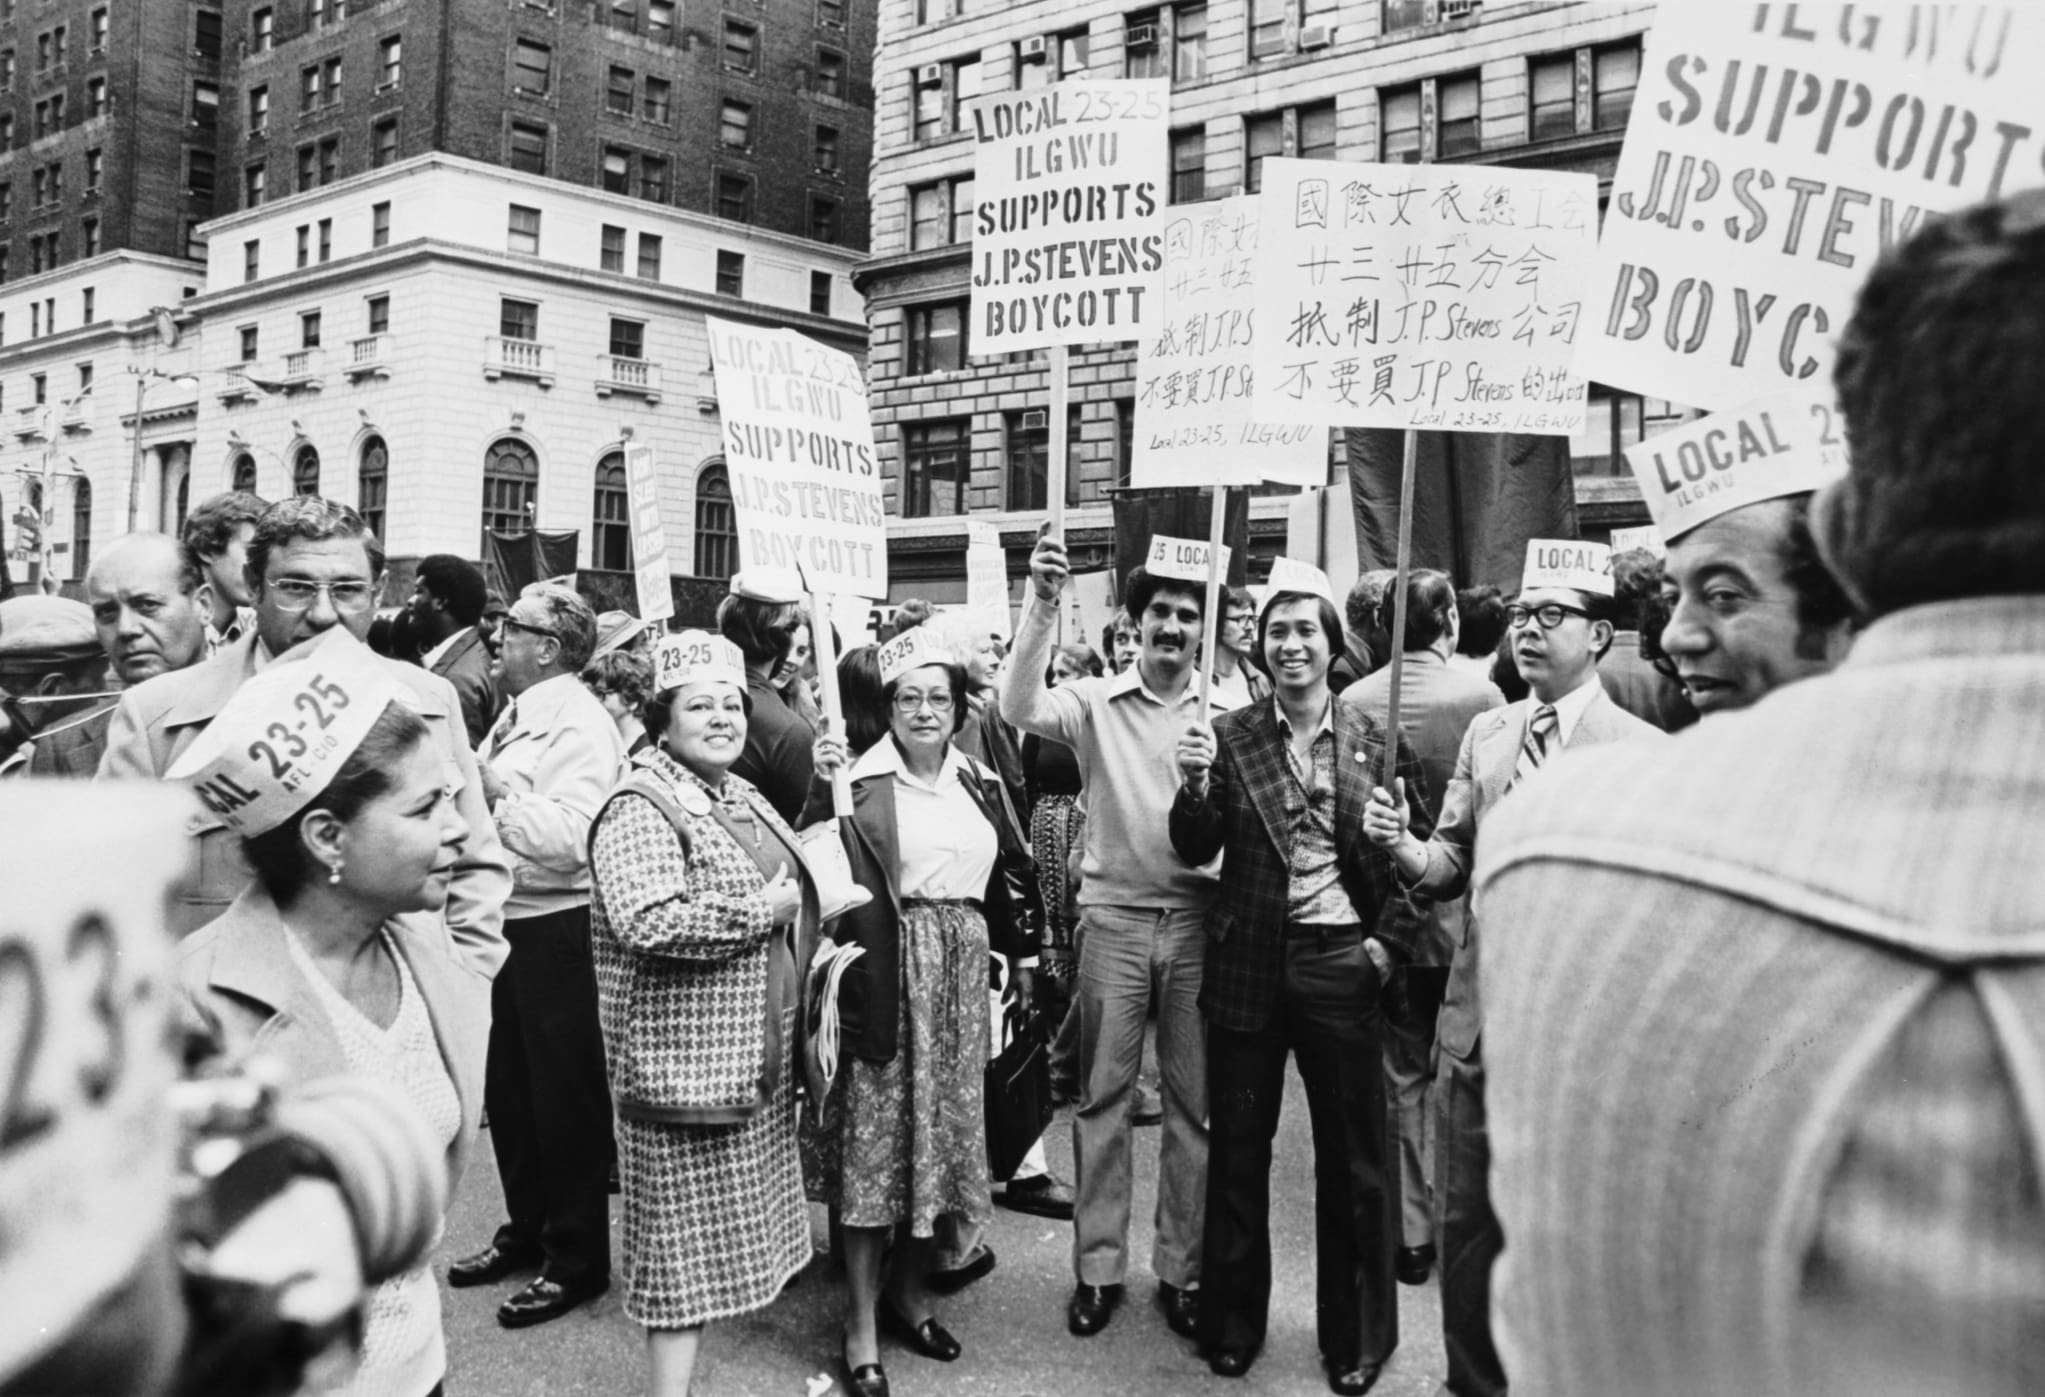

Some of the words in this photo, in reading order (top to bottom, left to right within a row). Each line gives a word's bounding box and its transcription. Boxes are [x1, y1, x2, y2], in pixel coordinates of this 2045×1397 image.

[973, 91, 1067, 143] LOCAL
[1074, 90, 1161, 122] 23-25
[1657, 53, 2045, 202] SUPPORT
[1015, 132, 1118, 181] ILGWU
[977, 181, 1156, 236] SUPPORTS
[986, 286, 1146, 337] BOYCOTT
[1605, 262, 1830, 380] BOYC
[711, 329, 803, 376] LOCAL
[751, 374, 842, 422] ILGWU
[728, 420, 872, 477] SUPPORTS
[1653, 411, 1791, 494] LOCAL
[1676, 473, 1735, 508] ILGWU
[750, 528, 873, 579] BOYCOTT
[1176, 545, 1210, 565] LOCA
[1538, 548, 1595, 572] LOCAL
[662, 643, 712, 672] 23-25
[880, 636, 914, 672] 23-25
[248, 673, 350, 779] 23-25
[194, 773, 261, 814] CAL

#### Task directions:
Could you print all the entries exactly as they stand, with the pictures left out?

#### Output for this exercise:
Some of the words in this photo, in reading order (top to bottom, left to right within a row). Each line gives a word's bounding box and its transcription. Boxes are [x1, y1, x2, y2], in pixel coordinates of this 2045×1397 image.

[973, 91, 1067, 143] LOCAL
[1074, 90, 1161, 122] 23-25
[1657, 53, 2045, 202] SUPPORT
[1015, 132, 1118, 181] ILGWU
[977, 181, 1156, 236] SUPPORTS
[986, 286, 1146, 337] BOYCOTT
[1605, 262, 1830, 380] BOYC
[711, 329, 803, 376] LOCAL
[751, 374, 842, 422] ILGWU
[728, 420, 872, 477] SUPPORTS
[1653, 411, 1791, 494] LOCAL
[1676, 473, 1735, 508] ILGWU
[750, 528, 873, 579] BOYCOTT
[1176, 545, 1210, 565] LOCA
[1538, 548, 1595, 572] LOCAL
[662, 643, 712, 672] 23-25
[880, 636, 914, 672] 23-25
[248, 673, 350, 779] 23-25
[194, 773, 261, 814] CAL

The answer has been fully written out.